De unas décadas a la fecha, la costumbre –y necesidad, claro– por cultivar el cuerpo se ha convertido en un rasgo social ineludible, en parte por el repudio a priori hacia todo lo que no entre en esos cánones. Si uno es gordo, desde el punto de vista físico padecerá de entrada el rechazo de los demás, aunque después pueda hacer su luchita y hacerle ver a los arnolds y cindycrawfords que uno también puede ser buena persona. La tendencia a cultivar los cuerpos anoréxicos del tipo modelo de pasarela o los atléticos bien formados que se necesitan para hacer un comercial de refresco de dieta, predomina en la actualidad como si fuera una religión, un culto pintoresco al cuerpo que deja de lado un sinnúmero de placeres, entre otros, la comida o la bebida.
En ese orden de ideas, los gimnasios son esos templos benditos donde la persona que añora tener un cuerpo de adonis tiene que asistir a manera de manda. La dinámica es muy sencilla: en México hay varias opciones para aquella persona que se siente ya un inadaptado social, pues tiene suficiente grasa en la palma de la mano para hace sentir a los demás que están saludando a una hamburguesa. Los instructores son una de las partes neurálgicas del lugar: son los directores espirituales. Pero como buenos sacerdotes, también descuidan a sus fieles. Los instructores de gimnasios son personas normales, aunque en apariencia no lo sean, que tienen la cualidad de tener dos dedos de frente –hay quienes se esfuerzan y tienen medio más– y normalmente (porque no siempre es así) ostentan el cuerpo que toda mujer desea llevarse a una isla desierta. Se identifican fácilmente porque caminan con los brazos separados. Cuando llega un principiante hay de varias sopas: 1) si es hombre no hay problema, le hace una rutina rápida, le explica dos o tres ejercicios y lo abandona a su suerte; 2) si es mujer, hay asimismo dos probabilidades: a) que sea guapa y esté buena y b) que sea gorda y fea. En el primer caso, el instructor se encargará personalmente de verificar cada detalle de la rutina, sin despegar un solo segundo la mirada de esos bien torneados muslos que han tenido a bien pararse por esos lares; si es la segunda posibilidad, repetirá la misma dinámica que con el hombre e injuriará la vida por haberle puesto en un oficio tan ingrato, casi de porquerizo.

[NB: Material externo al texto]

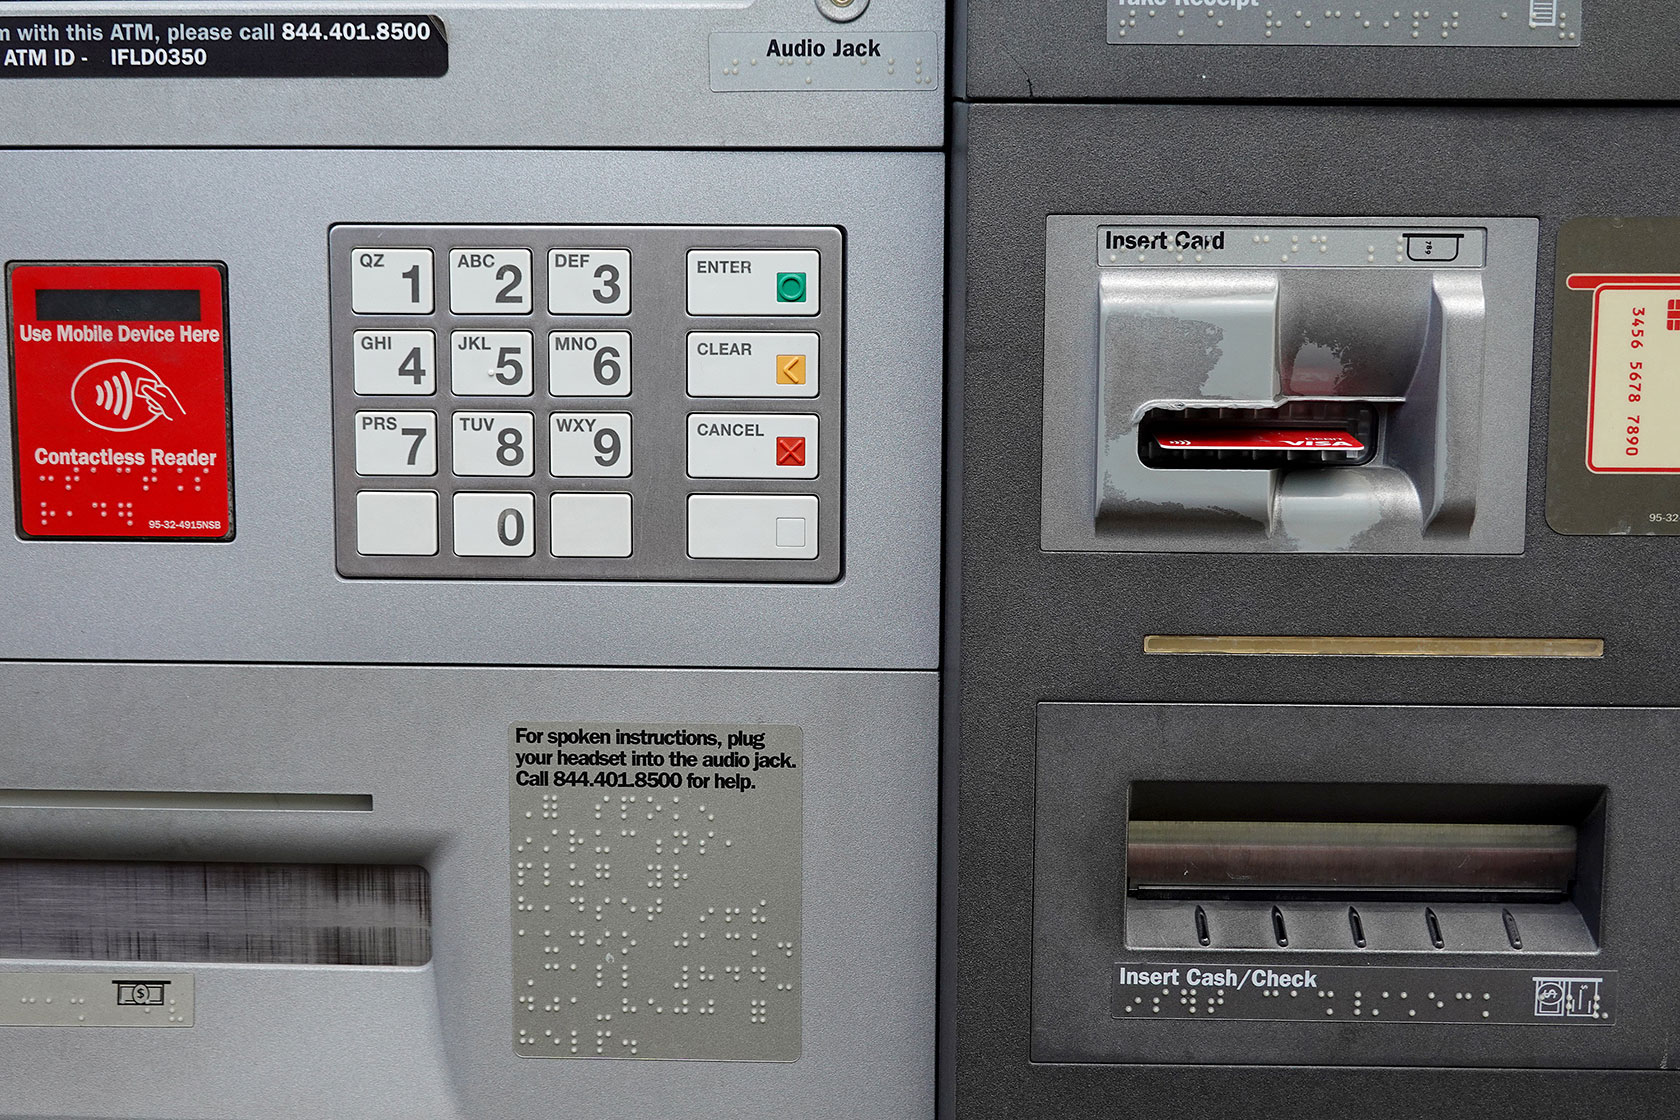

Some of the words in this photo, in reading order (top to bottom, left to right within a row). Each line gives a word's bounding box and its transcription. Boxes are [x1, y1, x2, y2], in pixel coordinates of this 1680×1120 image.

[17, 24, 60, 41] with
[66, 24, 103, 41] this
[110, 24, 160, 43] ATM,
[167, 24, 233, 44] please
[238, 24, 275, 41] call
[281, 22, 430, 41] 844.401.8500
[4, 48, 47, 66] ATM
[54, 48, 75, 66] ID
[110, 48, 207, 66] IFLD0350
[766, 39, 825, 57] Audio
[832, 39, 881, 57] Jack
[1105, 231, 1168, 250] Insert
[1175, 231, 1225, 250] Card
[359, 253, 385, 268] QZ
[457, 254, 496, 268] ABC
[555, 254, 590, 268] DEF
[697, 261, 752, 274] ENTER
[402, 265, 420, 303] 1
[495, 264, 523, 303] 2
[592, 264, 621, 304] 3
[20, 325, 52, 342] Use
[57, 325, 113, 342] Mobile
[118, 325, 175, 342] Device
[180, 325, 220, 342] Here
[1630, 307, 1646, 349] 3456
[361, 336, 392, 350] GHI
[458, 337, 491, 350] JKL
[555, 338, 598, 351] MNO
[697, 343, 752, 356] CLEAR
[398, 347, 426, 385] 4
[495, 347, 523, 386] 5
[593, 346, 621, 386] 6
[1628, 361, 1643, 403] 5678
[362, 417, 397, 430] PRS
[460, 418, 495, 431] TUV
[556, 419, 597, 432] WXY
[697, 423, 765, 437] CANCEL
[1625, 415, 1640, 456] 7890
[401, 428, 427, 465] 7
[496, 428, 524, 466] 8
[593, 428, 621, 467] 9
[34, 448, 145, 466] Contactless
[151, 449, 216, 466] Reader
[149, 520, 221, 529] 95-32-4915NSB
[497, 508, 525, 546] 0
[515, 727, 544, 744] For
[547, 728, 611, 748] spoken
[615, 729, 722, 748] instructions,
[727, 731, 765, 749] plug
[515, 751, 553, 766] your
[557, 750, 626, 766] headset
[631, 751, 664, 767] into
[669, 751, 698, 767] the
[702, 751, 750, 768] audio
[753, 752, 796, 771] jack.
[515, 770, 549, 787] Call
[553, 771, 682, 788] 844.401.8500
[687, 772, 710, 789] for
[714, 773, 756, 792] help.
[1120, 968, 1179, 985] Insert
[1186, 968, 1317, 990] Cash/Check

No podemos dejar de lado el asunto del flirteo: todo gimnasio es un caldo de cultivo lúdico, y a veces hasta lascivo. No falta el hombrón que llegue adonde una muchachita de no malos bigotes para decirle, “estás haciendo mal el ejercicio”, para acto seguido poner la mano en su cuadríceps y complementar: “Tienes que sentirlo aquí”, apretando sobre la pierna. Si una mujer llega vestida sugerentemente es obvio que todos los hombres clavarán sus miradas en ella, y más de uno intentará abordarla llevando el pecho hinchado por delante; y sucede lo mismo con las mujeres, pues aunque tengan la costumbre de ser mucho más discretas, no pierden detalle de cuando el-instructor-medio-desnudo les enseña a hacer bien una sentadilla; normalmente dicen que no entendieron bien, que si puede hacerla de nuevo. Si el juego trasciende la sala de los aparatos y pesas, el lugar donde aterriza es en los vestidores y lo que predomina son los comentarios que aluden al físico que no se ve. Aquí, lo sé de buena fuente, hay mucho menos pudor en los vestidores femeninos, pues no existen tapujos para hacer referencia a los brazos de tal o cual persona, o hablar de asuntos lascivos –de ésos que tienden a ir al Más Allá– con uno que otro compañero.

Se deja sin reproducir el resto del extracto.